Referring expression grounding data:

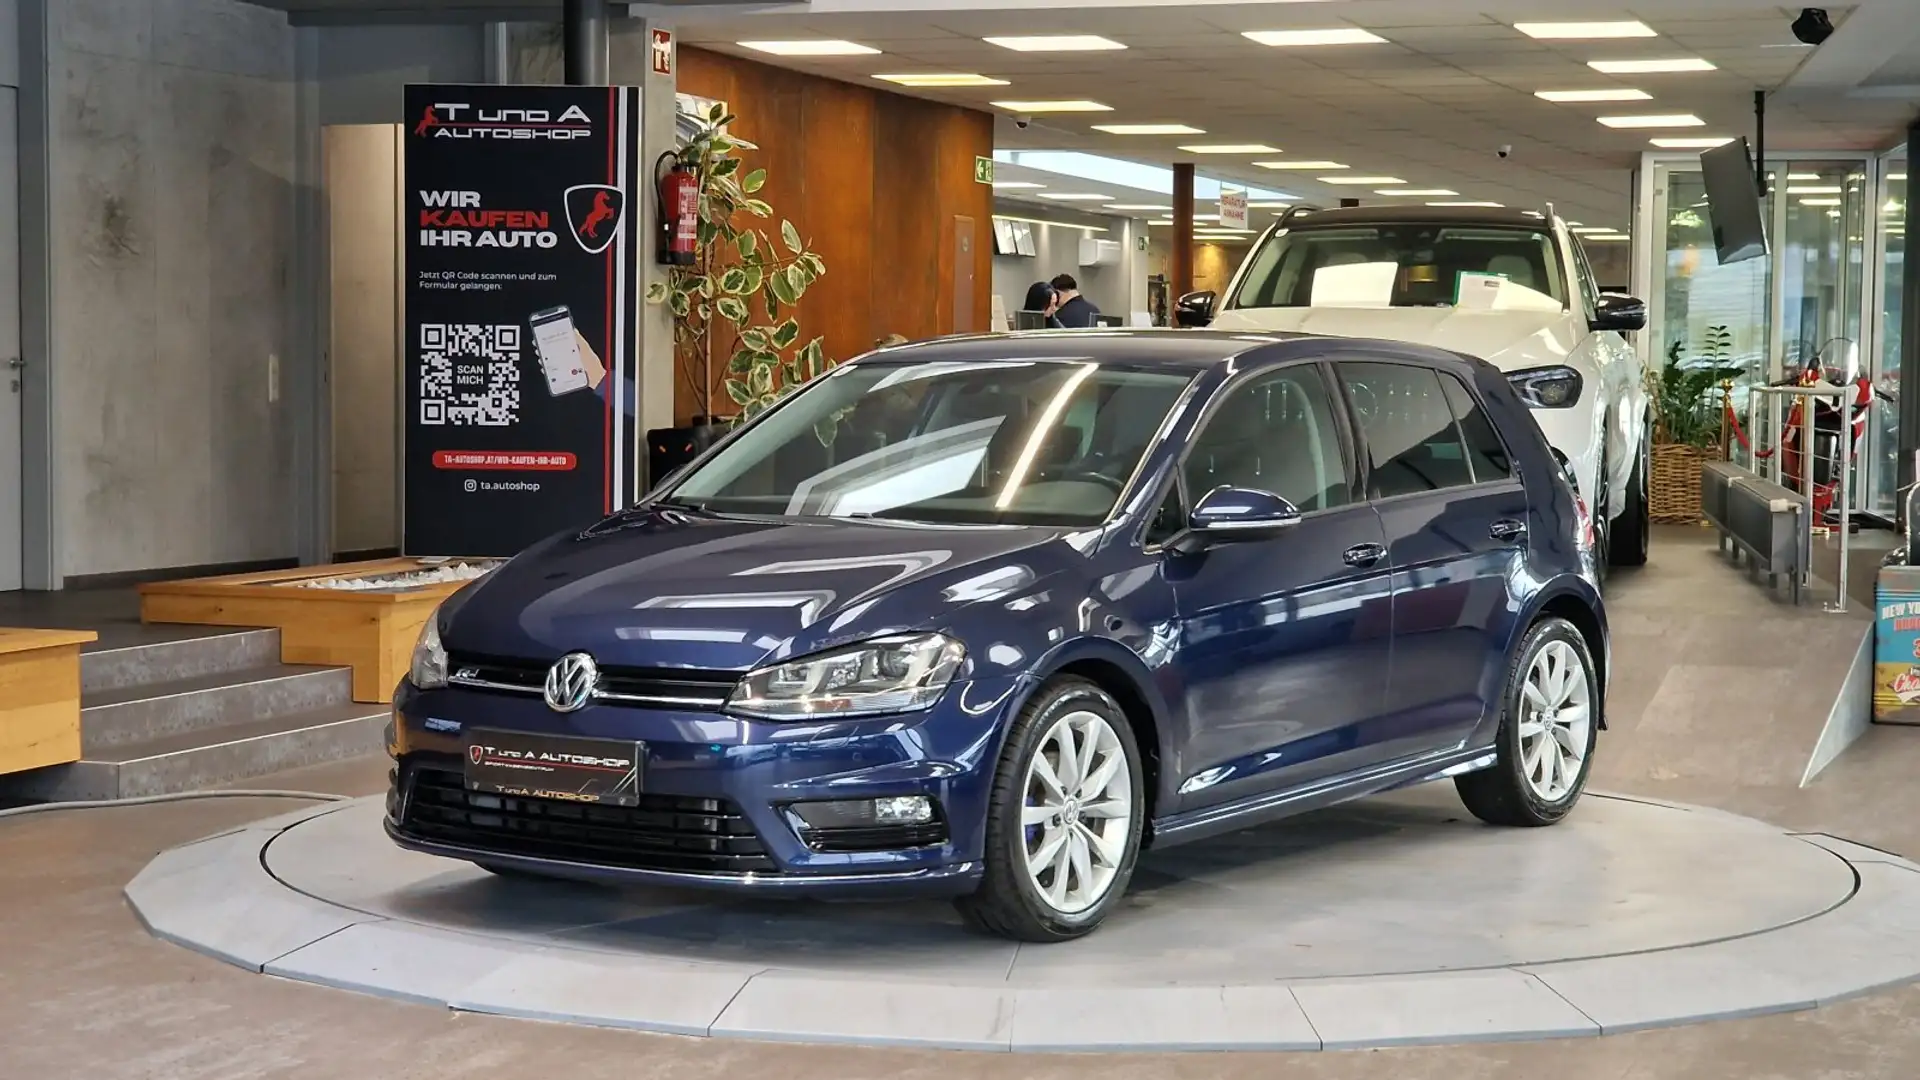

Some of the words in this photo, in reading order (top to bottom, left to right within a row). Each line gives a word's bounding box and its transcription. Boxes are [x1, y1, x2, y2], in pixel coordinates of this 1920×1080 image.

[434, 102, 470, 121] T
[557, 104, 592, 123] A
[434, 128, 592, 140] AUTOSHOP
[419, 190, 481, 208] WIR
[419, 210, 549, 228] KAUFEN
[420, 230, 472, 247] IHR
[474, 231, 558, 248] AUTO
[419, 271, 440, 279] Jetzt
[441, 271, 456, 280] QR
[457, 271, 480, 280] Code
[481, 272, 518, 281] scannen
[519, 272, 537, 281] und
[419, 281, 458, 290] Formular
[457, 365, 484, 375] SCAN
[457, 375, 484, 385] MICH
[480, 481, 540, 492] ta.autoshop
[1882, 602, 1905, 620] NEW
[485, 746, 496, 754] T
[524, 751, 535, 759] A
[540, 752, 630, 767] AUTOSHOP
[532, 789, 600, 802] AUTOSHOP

• [Exercise description]:
The output should consist of the records above, reproduced exactly, without pictures.

• [Problem solution]:
Some of the words in this photo, in reading order (top to bottom, left to right within a row). Each line gives a word's bounding box and its transcription. Boxes are [x1, y1, x2, y2], in pixel coordinates of this 1920×1080 image.

[434, 102, 470, 121] T
[557, 104, 592, 123] A
[434, 128, 592, 140] AUTOSHOP
[419, 190, 481, 208] WIR
[419, 210, 549, 228] KAUFEN
[420, 230, 472, 247] IHR
[474, 231, 558, 248] AUTO
[419, 271, 440, 279] Jetzt
[441, 271, 456, 280] QR
[457, 271, 480, 280] Code
[481, 272, 518, 281] scannen
[519, 272, 537, 281] und
[419, 281, 458, 290] Formular
[457, 365, 484, 375] SCAN
[457, 375, 484, 385] MICH
[480, 481, 540, 492] ta.autoshop
[1882, 602, 1905, 620] NEW
[485, 746, 496, 754] T
[524, 751, 535, 759] A
[540, 752, 630, 767] AUTOSHOP
[532, 789, 600, 802] AUTOSHOP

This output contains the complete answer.